We start by importing the necessary packages and modules.
import string
import numpy as np
from matplotlib import pyplot as plt
import pathpyG as pp
To generate a random Erdös-Renyi graph using the so-called $G(n,p)$ model where $n$ is the number of nodes and $p$ is the probability for each node pair to be connected, we can call:
g = pp.algorithms.generative_models.erdos_renyi_gnp(n=20, p=0.2)
pp.plot(g);
By default, no self-loops are added. If we want self-loops to be generated with probability $p$ we can do this as follows (note that self-loops are currently not plotted):
g = pp.algorithms.generative_models.erdos_renyi_gnp(n=20, p=0.2, self_loops=True)
pp.plot(g);
This also works for directed networks and we can specify a given node ID mapping:
g = pp.algorithms.generative_models.erdos_renyi_gnp(
n=20, p=0.2, directed=True, mapping=pp.IndexMap([x for x in string.ascii_lowercase])
)
pp.plot(g);
For the random realizations generated by the $G(n,p)$ model with connection probability $p$, we have an expected number of $p \cdot \binom{n}{2}$ edges, i.e. the number of edges in each realization varies.
We can use the alternative $G(n,m)$ formulation of the Erdös-Renyi model, which generates a fixed number of $m$ edges chosen uniformly at random:
g = pp.algorithms.generative_models.erdos_renyi_gnm(
n=20, m=40, mapping=pp.IndexMap([x for x in string.ascii_lowercase])
)
print(g)
pp.plot(g);
Undirected graph with 26 nodes and 40 edges
{'Edge Attributes': {}, 'Graph Attributes': {'num_nodes': "<class 'int'>"}, 'Node Attributes': {}}
Naturally, the maximum number of edges that we can create depends on the size of the graph (and whether edges are directed and whether we allow for self-loops).
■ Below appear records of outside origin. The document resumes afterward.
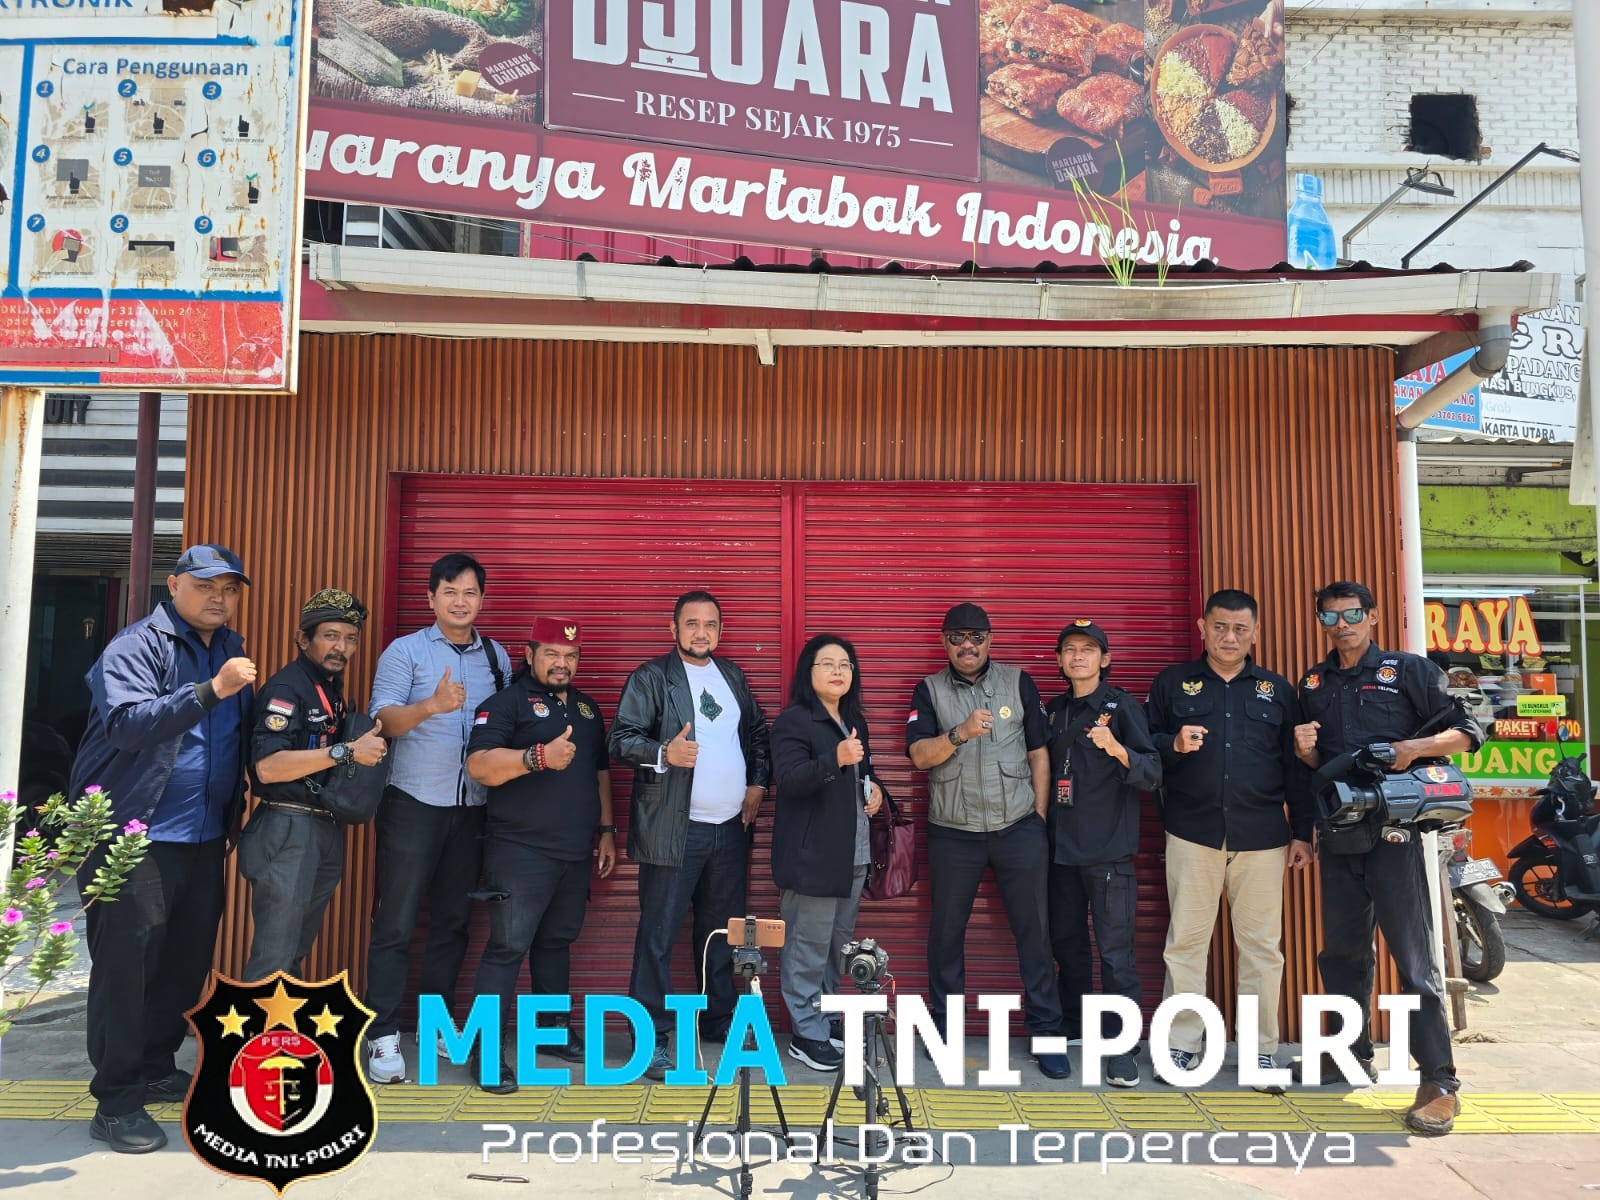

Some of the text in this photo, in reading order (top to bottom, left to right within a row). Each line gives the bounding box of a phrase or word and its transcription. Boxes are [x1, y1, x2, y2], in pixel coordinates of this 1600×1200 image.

[63, 58, 109, 76] Cara
[116, 58, 249, 79] Penggunaan
[485, 53, 531, 74] MARTABAK
[491, 61, 541, 85] DJUARA
[634, 91, 901, 148] RESEP SEJAK 1975
[1051, 152, 1094, 169] MARTABAK
[622, 151, 940, 238] Martabak
[1482, 377, 1510, 391] NASI
[1522, 426, 1556, 440] UTARA
[1424, 596, 1542, 656] RAYA
[1495, 720, 1538, 733] PAKET
[1450, 747, 1559, 775] DANG
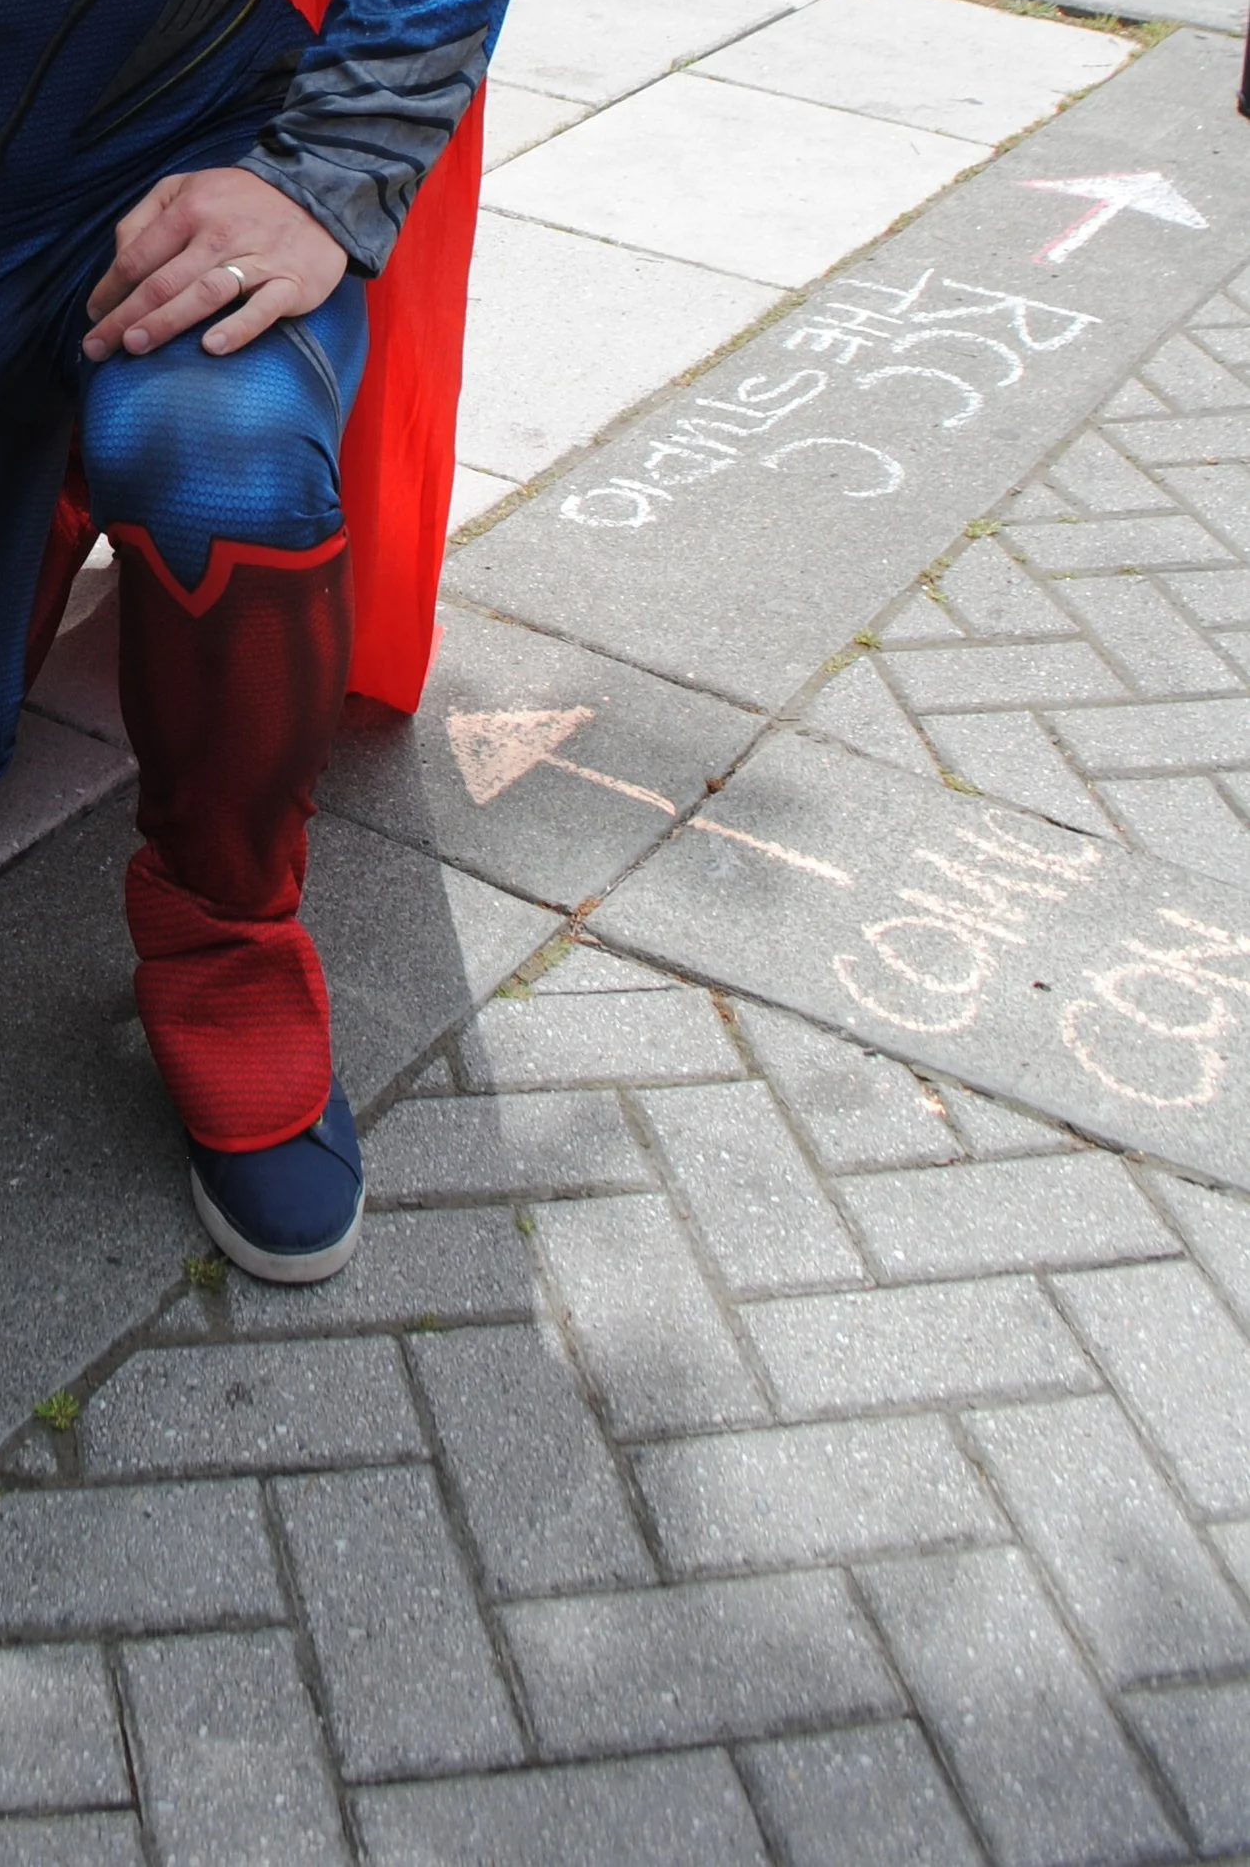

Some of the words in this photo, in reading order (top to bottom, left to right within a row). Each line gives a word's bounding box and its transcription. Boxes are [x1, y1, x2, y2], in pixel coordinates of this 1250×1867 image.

[782, 268, 937, 365] THE
[560, 369, 830, 529] STUDIO
[832, 808, 1104, 1034] COMIC
[1062, 906, 1250, 1110] CON
The following fails:
try:
g = pp.algorithms.generative_models.erdos_renyi_gnm(
n=20, m=195, mapping=pp.IndexMap([x for x in string.ascii_lowercase])
)
except Exception as e:
print(f"Error: {e}")
2025-11-28 16:32:54 - Given number of edges is larger than theoretical maximum
Error: Given number of edges is larger than theoretical maximum
To check how many edges a directed/undirected graph with/without self-loop can possibly have, you can use the max_edges function:
pp.algorithms.generative_models.max_edges(n=20, directed=False, self_loops=False)
190
We often use random graph models to generate randomized versions of empirical networks. For this prupose, pathpyG provides _randomize variants for random graph models, which can be used to automatically fit the model parameters to an empirical graph, thus generating a randomized version that preserves the corresponding aggregate characteristics defined by the model.
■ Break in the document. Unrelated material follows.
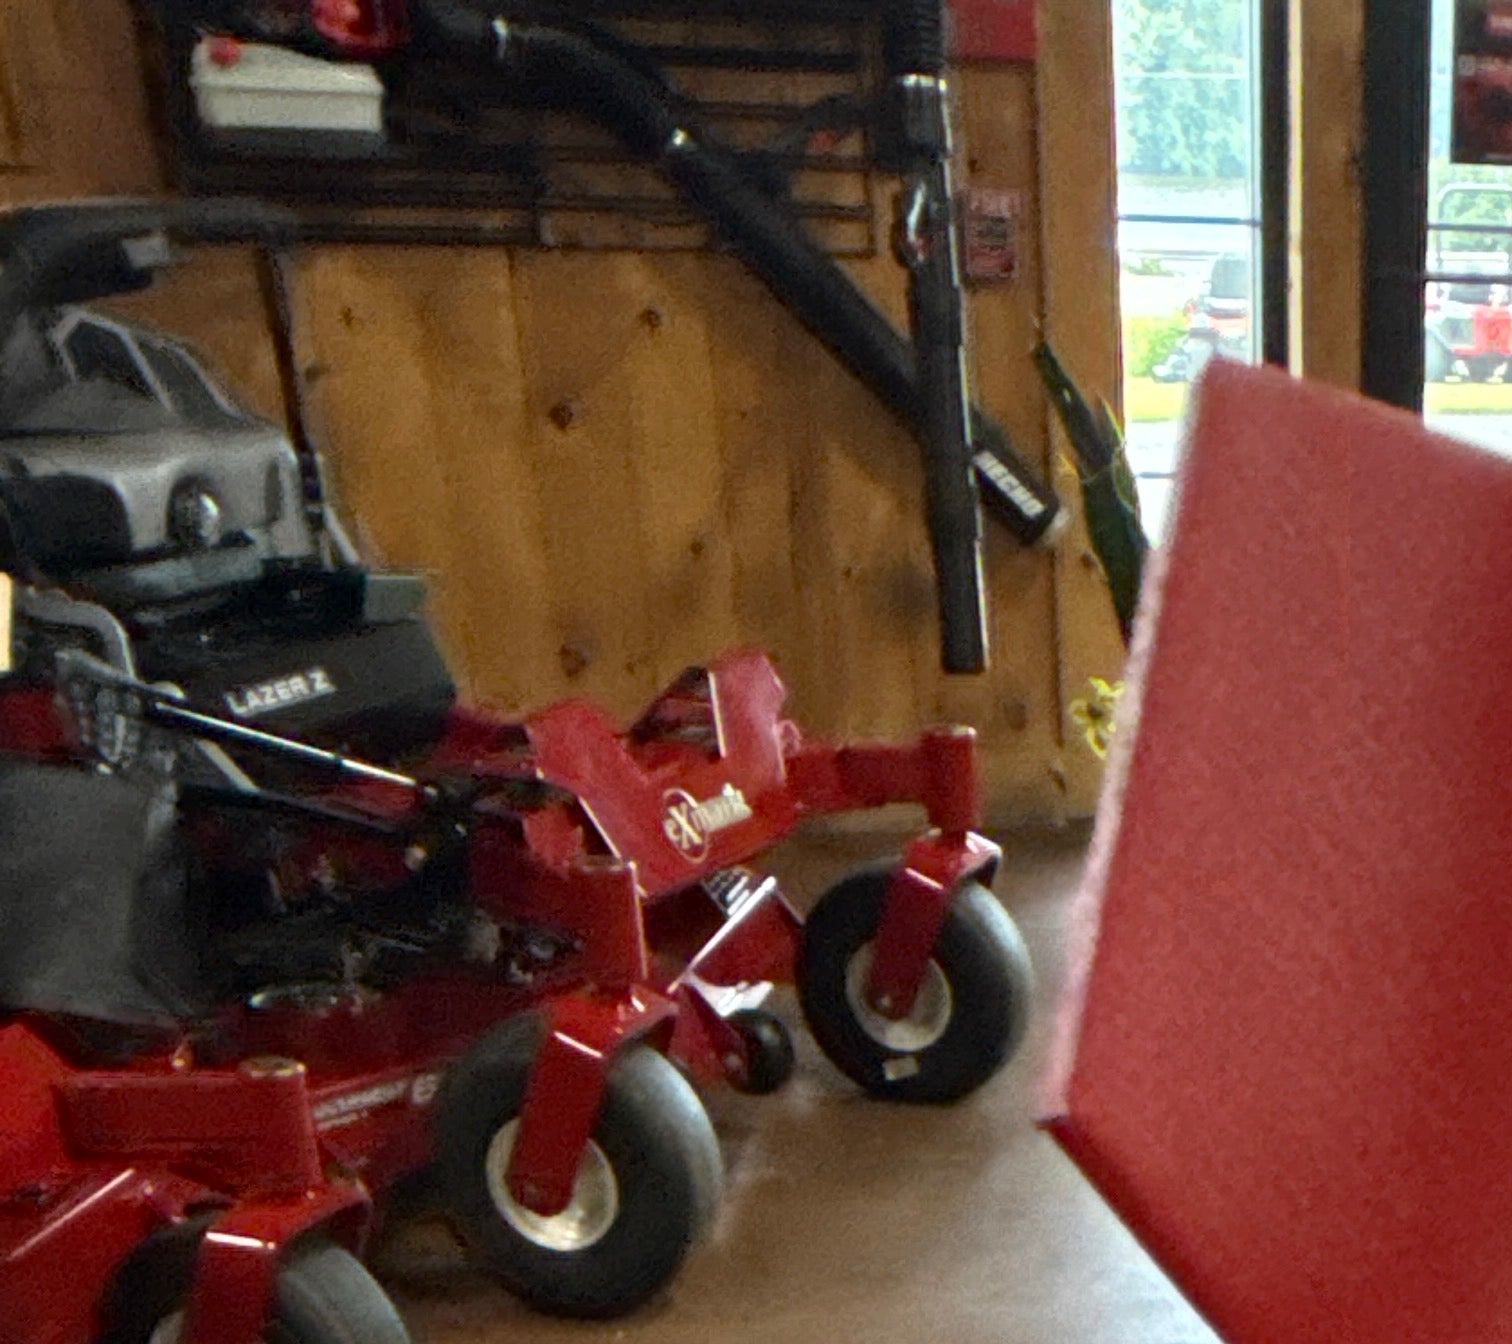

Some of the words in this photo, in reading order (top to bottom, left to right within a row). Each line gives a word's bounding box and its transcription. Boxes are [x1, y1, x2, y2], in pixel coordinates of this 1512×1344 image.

[985, 461, 1045, 518] ECHO
[224, 674, 311, 716] LAZER
[308, 667, 337, 695] Z
Let's try this for randomized versions of the Karate club network, which we can load from the netzschleuder database:
g_karate = pp.io.read_netzschleuder_graph('karate', '77')
print(g_karate)
Undirected graph with 34 nodes and 77 edges
{ 'Edge Attributes': {},
'Graph Attributes': { 'analyses_average_degree': "<class 'float'>",
'analyses_degree_assortativity': "<class 'float'>",
'analyses_degree_std_dev': "<class 'float'>",
'analyses_diameter': "<class 'int'>",
'analyses_edge_properties': "<class 'list'>",
'analyses_edge_reciprocity': "<class 'float'>",
'analyses_global_clustering': "<class 'float'>",
'analyses_hashimoto_radius': "<class 'float'>",
'analyses_is_bipartite': "<class 'bool'>",
'analyses_is_directed': "<class 'bool'>",
'analyses_knn_proj_1': "<class 'float'>",
'analyses_knn_proj_2': "<class 'float'>",
'analyses_largest_component_fraction': "<class 'float'>",
'analyses_mixing_time': "<class 'float'>",
'analyses_num_edges': "<class 'int'>",
'analyses_num_vertices': "<class 'int'>",
'analyses_transition_gap': "<class 'float'>",
'analyses_vertex_properties': "<class 'list'>",
'num_nodes': "<class 'int'>"},
'Node Attributes': { 'node__pos': "<class 'numpy.ndarray'>",
'node_groups': "<class 'torch.Tensor'> -> torch.Size([34])",
'node_name': "<class 'torch.Tensor'> -> torch.Size([34])"}}
Using erdos_renyi_gnm_randomize, we obtain a random graph with the same number of nodes and edges.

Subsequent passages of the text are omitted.